1 egg, lightly beaten
1 T milk
freshly cracked salt & pepper

picadillo (recipe below)

preheat oven to 400 degrees.

place the flour, baking powder & salt into a food processor & pulse until combined.  add the butter & shortening & pulse again until just barely combined & mixture looks like coarse bread crumbs.  transfer the mixture to a large bowl & drizzle ice water over the top.  moisten dough and gather together into a ball.  flatten into a flat disk, wrap tightly in plastic & refrigerate for one hour.

roll out the dough 1/8” thick on a lightly floured surface and cut into 6-inch rounds.  gather scraps and re-roll until you have twelve rounds.  spoon ¼-C of picadillo onto one half of each round of dough.  moisten the edges of the rounds with water (i use a pastry brush but you can also use your finger) & press the edges together, creating half-moon shapes, to completely enclose the filling.  use the tines of a fork, making a nice pattern, to seal the edges.  place on a baking sheet 2” apart.

mix the beaten egg & milk together and brush over the tops of the sealed empanadas.  top with a sprinkle of cracked pepper & salt.

bake empanadas in for 20 minutes or until deeply, golden brown.  serve warm.

picadillo (enough filling for 12 empanadas)

1 T olive oil
1 small onion, chopped
2 cloves garlic, minced
1 bay leaf
1 lb. ground beef (15 – 20% fat)
1 14-ounce can diced tomatoes, drained
1 potato, diced (about 1 C)
1 tsp. cumin
½ tsp. cinnamon
¼ tsp. gound cloves
¼ tsp. chili flakes
¼ C raisins
½ C pimento-stuffed green olives, coarsely chopped
salt & pepper to taste
½ C slivered almonds

heat oil in a dutch oven over medium-high heat.  add onion, garlic & bay leaf & sauté until onion is soft, about 5 minutes.  add beef & sauté until cooked, breaking up with back of a wooden spoon, about 10 minutes.  add all remaining ingredients & simmer, stirring occasionally, about 30 minutes or until potatoes are tender & picadillo has thickened. season to taste with salt & pepper.  discard bay leaves & stir in almonds.




keep it simple.

March 29, 2014

there are those days when i want a simple but-not-a-piece-of-toast-simple lunch.  and we all know about my delight for an egg. so here i have a quick salad that is lovely as is or, with the addition of lardons or roasted asparagus, can be dressed-up into something dinner party-special.

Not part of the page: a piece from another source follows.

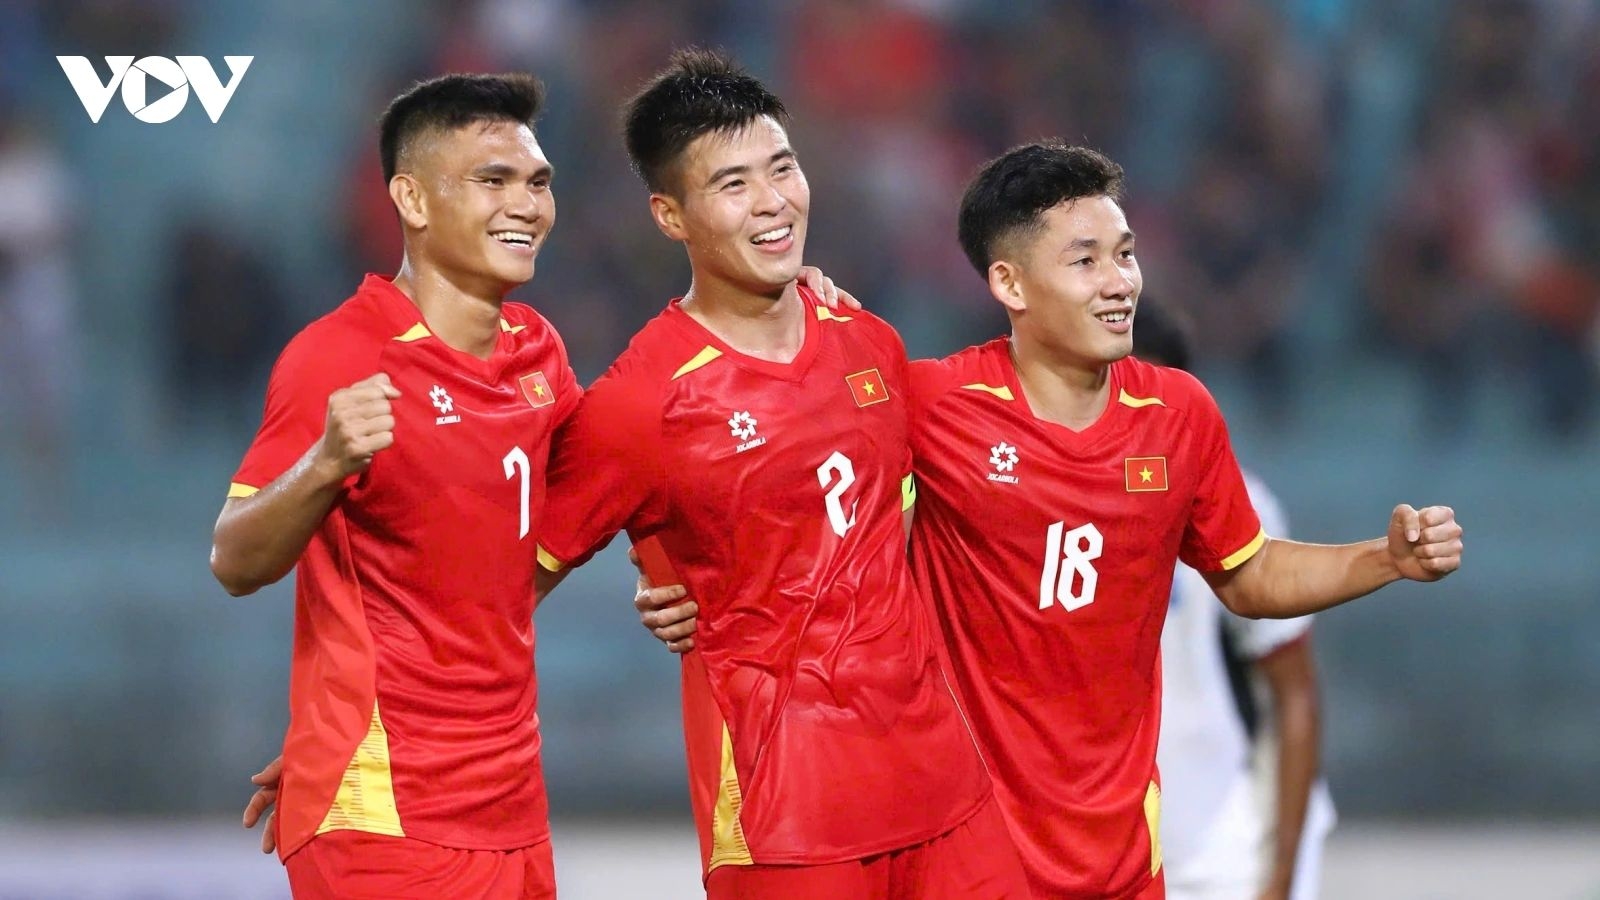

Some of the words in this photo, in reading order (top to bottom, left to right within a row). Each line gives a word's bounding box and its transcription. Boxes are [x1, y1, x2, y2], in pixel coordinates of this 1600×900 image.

[502, 446, 531, 540] 7
[816, 450, 860, 538] 2
[1039, 520, 1104, 613] 18

salad with egg & dukkah vinaigrette


simple greens with poached egg, avocado & dukkah vinaigrette (serves 1 big salad-eater)
dukkah vinaigrette (recipe below)
1 ripe has avocado, peeled &cubed
3 oz. spring mix
3 oz. baby kale
2 – 3T parmigiano-reggiano, freshly grated
1 egg, poached*

place about ¼-cup of dressing in the bottom of a wooden salad bowl.  place avocado in dressing and coat with dressing.  add greens and toss gently.  top with grated parmigiano-reggiano & poached egg.

*to poach egg:  in a saucepan, bring 2″ water & 1 tsp. white vinegar to a low simmer.   gently crack egg into the simmering water & cook until just set, 4 to 5 minutes.  remove with a slotted spoon to a clean, dry dishtowel.

dressing (makes about 1/2 cup)

1 ½ T orange/champagne vinegar
½ tsp. dijon mustard
¾ tsp. kosher salt
¼ tsp. freshly ground black pepper
½ cup olive oil

2 T dukkah*

place all ingredients in a jar with a tight-fitting lid & shake well, until emulsified.

*dukkah is a blend of almonds, fennel, coriander, anise seeds & sesame seeds.